* **The task**: Leave every picture out, and write out the remaining entries exactly.

--------------------------------

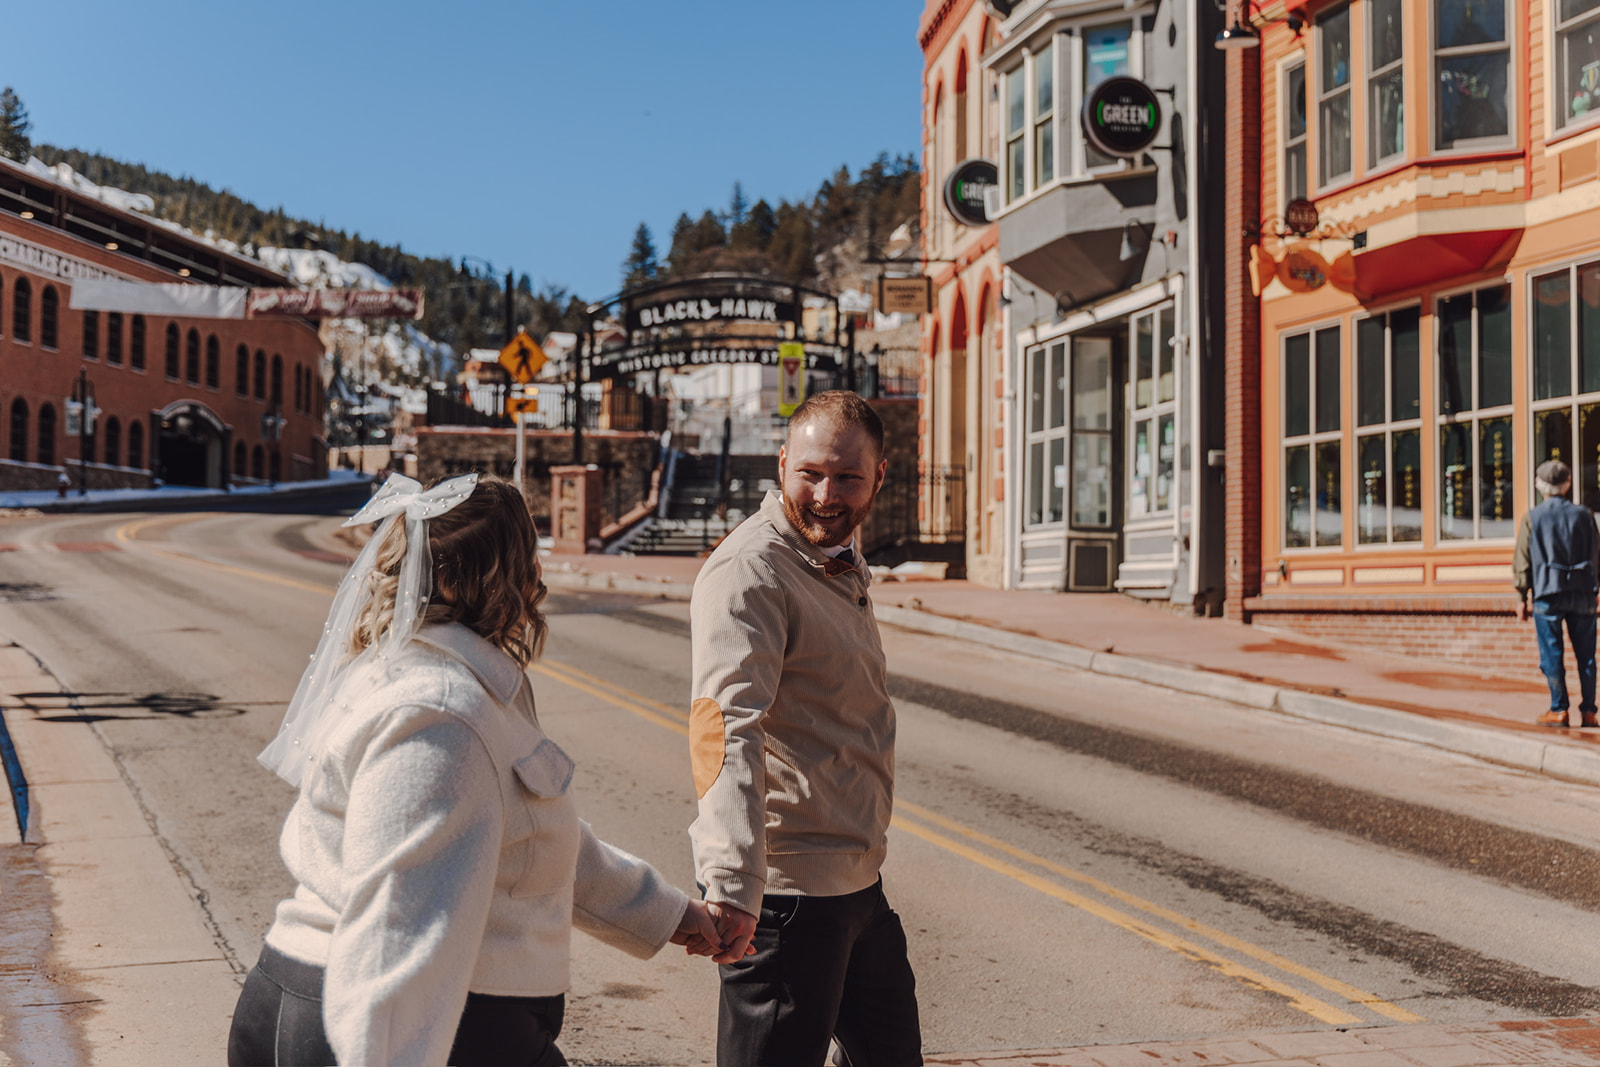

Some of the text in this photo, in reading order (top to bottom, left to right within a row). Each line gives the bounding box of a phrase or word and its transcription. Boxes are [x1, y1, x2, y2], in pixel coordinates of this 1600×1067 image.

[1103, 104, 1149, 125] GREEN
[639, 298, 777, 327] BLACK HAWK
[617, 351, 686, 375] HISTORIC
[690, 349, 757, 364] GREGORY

--------------------------------

* **Task answer**:
Some of the text in this photo, in reading order (top to bottom, left to right within a row). Each line gives the bounding box of a phrase or word and its transcription. Boxes are [x1, y1, x2, y2], in pixel coordinates of this 1600×1067 image.

[1103, 104, 1149, 125] GREEN
[639, 298, 777, 327] BLACK HAWK
[617, 351, 686, 375] HISTORIC
[690, 349, 757, 364] GREGORY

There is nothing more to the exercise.